------ Data excerpts ------

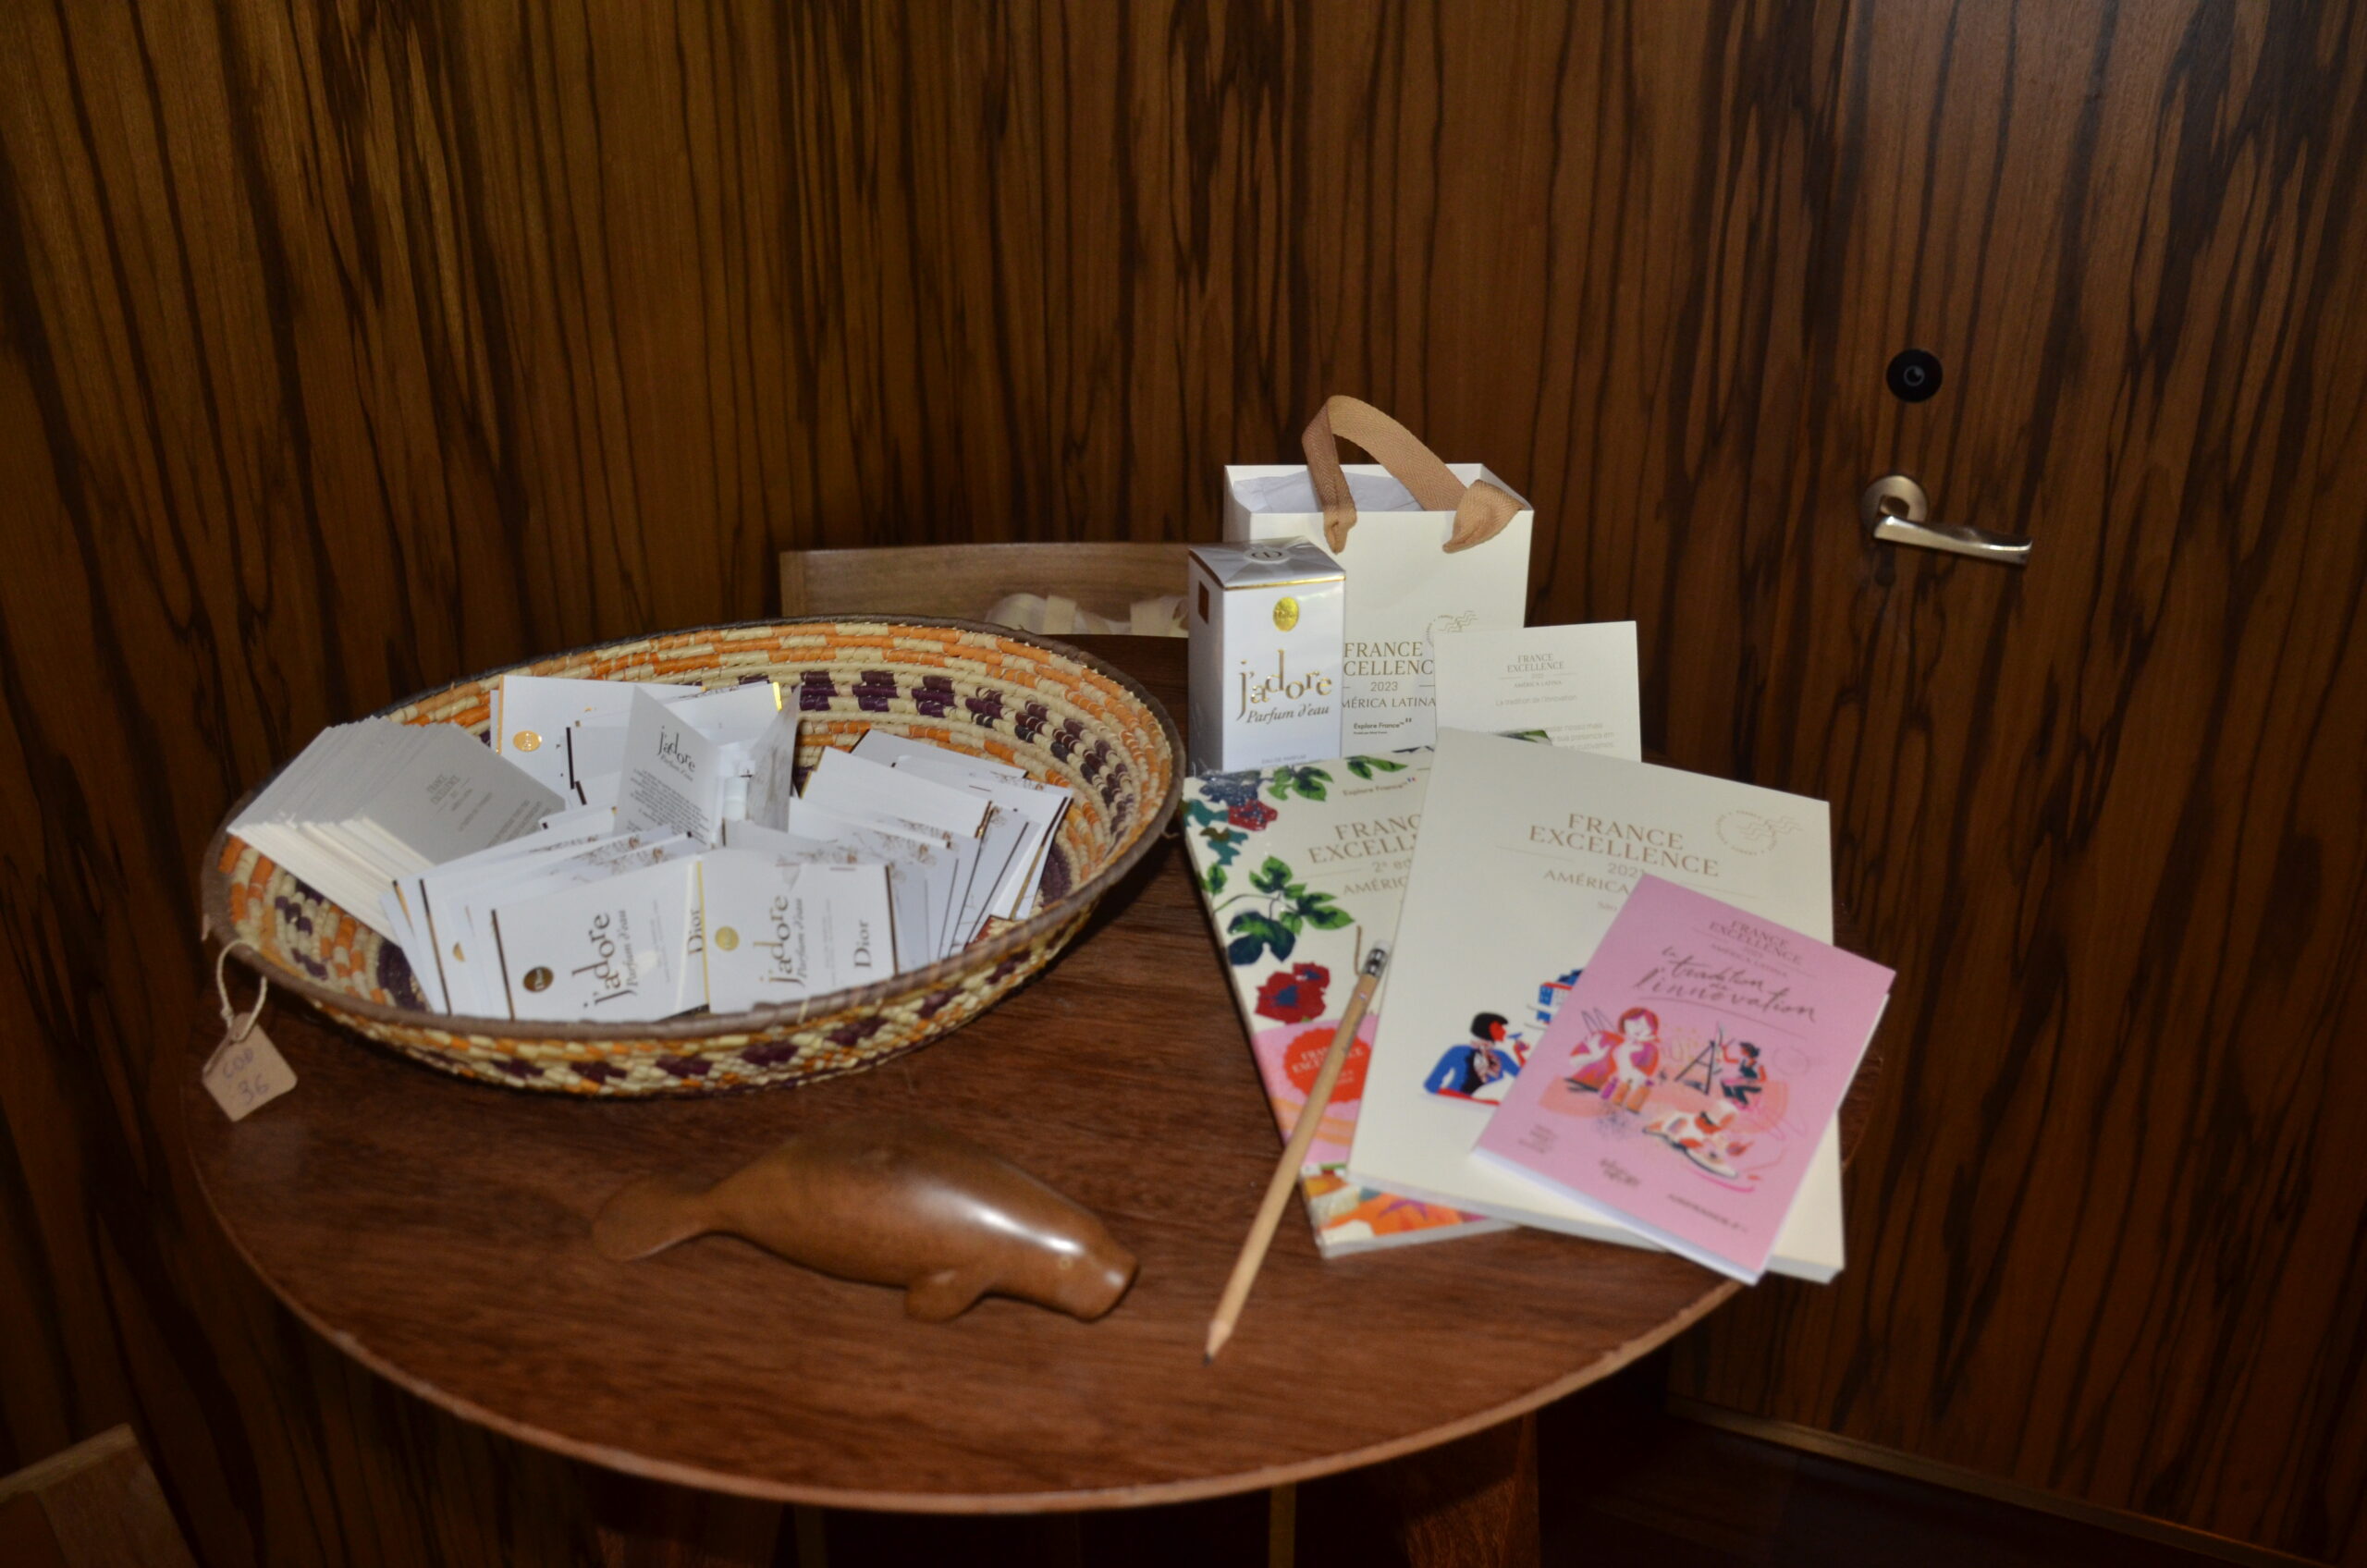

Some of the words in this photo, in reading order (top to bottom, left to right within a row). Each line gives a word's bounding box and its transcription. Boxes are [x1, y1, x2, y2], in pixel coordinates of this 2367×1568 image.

[1343, 641, 1424, 657] FRANCE
[1517, 653, 1554, 664] FRANCE
[1343, 659, 1434, 677] CELLENC
[1507, 660, 1564, 673] EXCELLENCE
[1236, 649, 1332, 721] j'adore
[1370, 681, 1398, 692] 2023
[1342, 696, 1387, 709] MÉRICA
[1392, 696, 1436, 708] LATINA
[1246, 705, 1294, 725] Parfum
[1334, 813, 1421, 840] FRANC
[1567, 813, 1685, 851] FRANCE
[1528, 824, 1720, 877] EXCELLENCE
[1343, 876, 1407, 896] AMÉRIC
[1543, 868, 1630, 896] AMÉRICA
[753, 894, 807, 988] j'adore
[853, 918, 873, 969] Dior
[571, 912, 638, 1009] j'adore
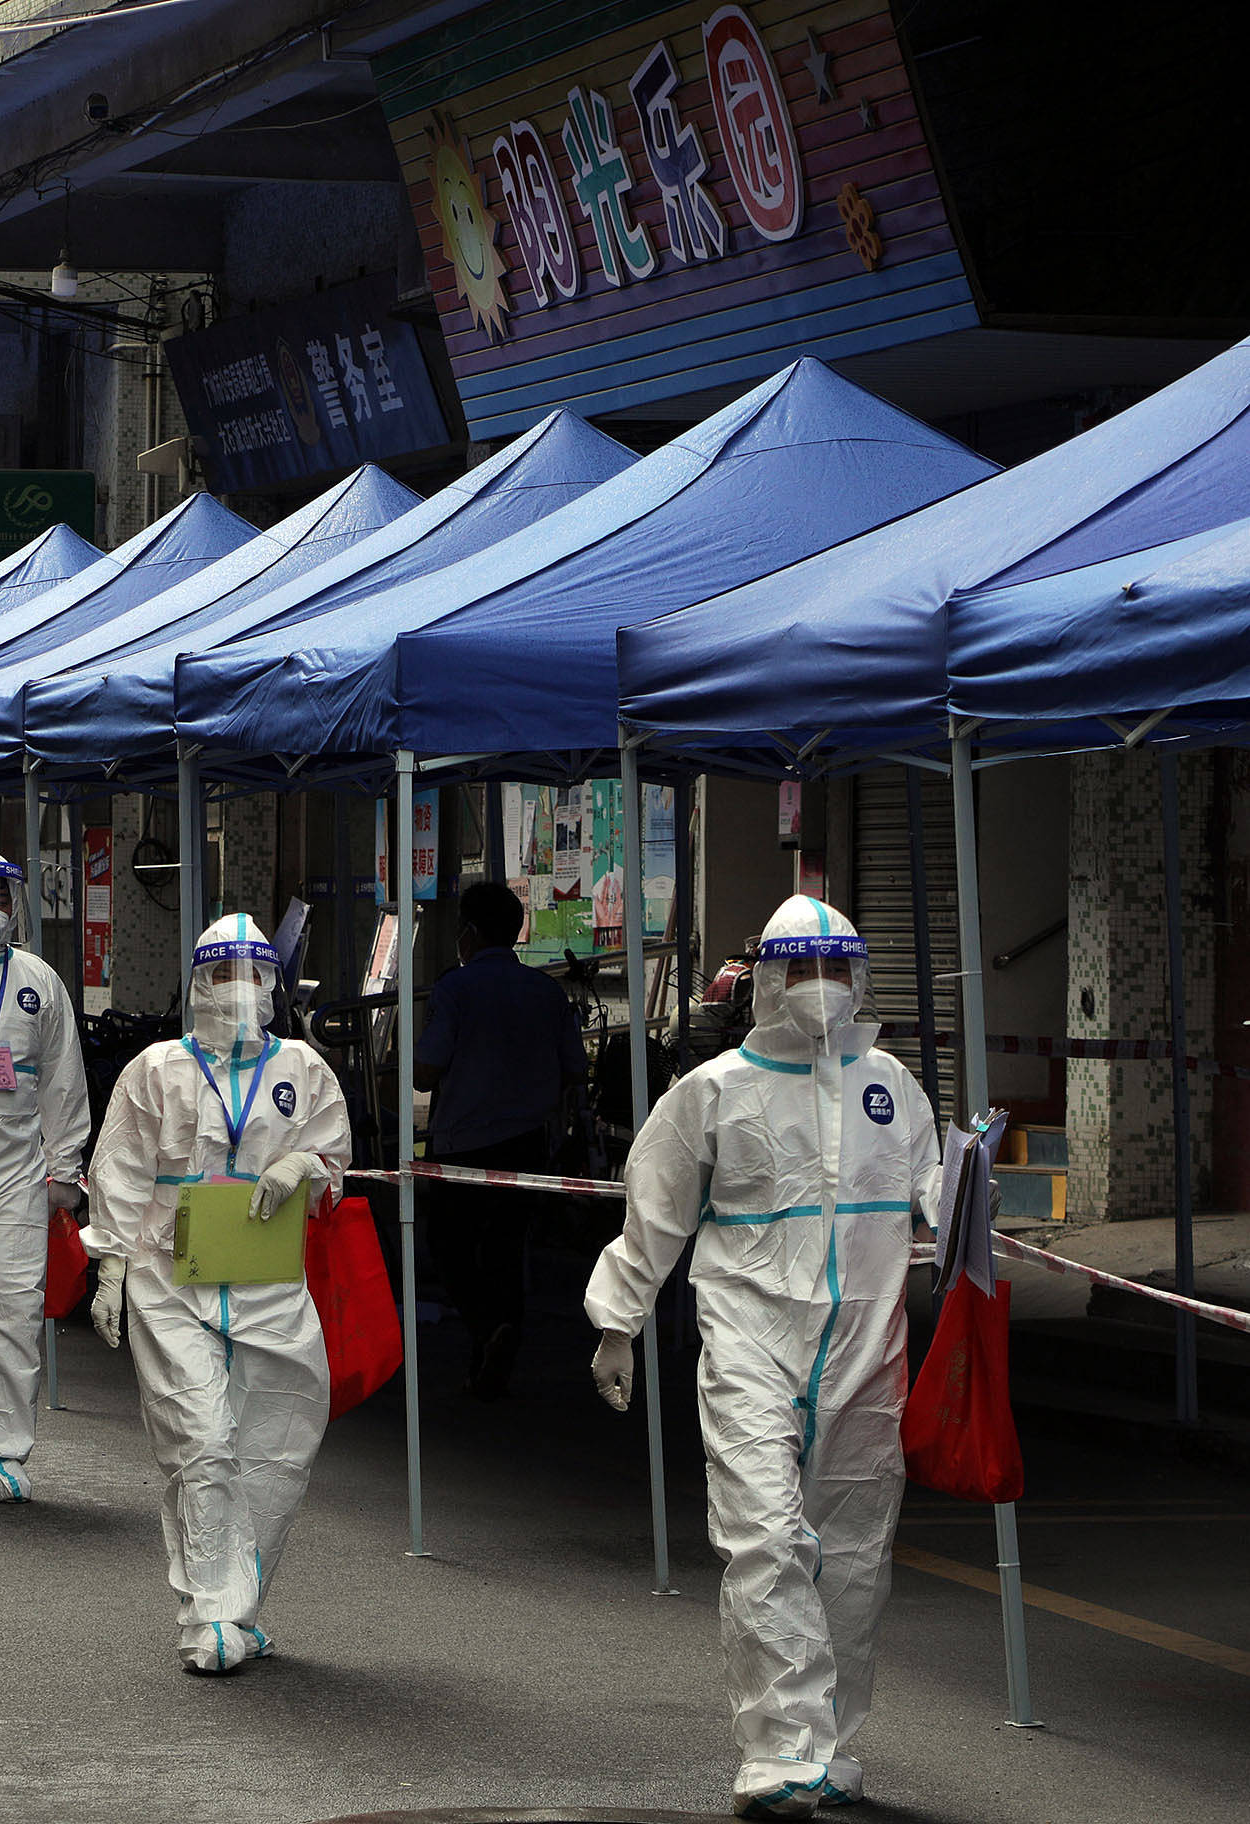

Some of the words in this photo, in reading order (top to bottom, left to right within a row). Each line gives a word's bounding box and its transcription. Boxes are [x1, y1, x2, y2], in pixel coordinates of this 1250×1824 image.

------

**What the task asks**
Retype the listing above exactly, please. Pictures do not belong in the copy.

**Solution to this problem**
Some of the words in this photo, in reading order (top to bottom, left to right within a row). Each line gives a word's bounding box and its transcription. Boxes are [x1, y1, x2, y2], in pixel coordinates of this 2367×1568 image.

[1343, 641, 1424, 657] FRANCE
[1517, 653, 1554, 664] FRANCE
[1343, 659, 1434, 677] CELLENC
[1507, 660, 1564, 673] EXCELLENCE
[1236, 649, 1332, 721] j'adore
[1370, 681, 1398, 692] 2023
[1342, 696, 1387, 709] MÉRICA
[1392, 696, 1436, 708] LATINA
[1246, 705, 1294, 725] Parfum
[1334, 813, 1421, 840] FRANC
[1567, 813, 1685, 851] FRANCE
[1528, 824, 1720, 877] EXCELLENCE
[1343, 876, 1407, 896] AMÉRIC
[1543, 868, 1630, 896] AMÉRICA
[753, 894, 807, 988] j'adore
[853, 918, 873, 969] Dior
[571, 912, 638, 1009] j'adore

Some of the words in this photo, in reading order (top to bottom, left to right within a row). Each line gives a word's bounding box and its transcription. Boxes are [x1, y1, x2, y2], in pixel coordinates of this 1250×1824 image.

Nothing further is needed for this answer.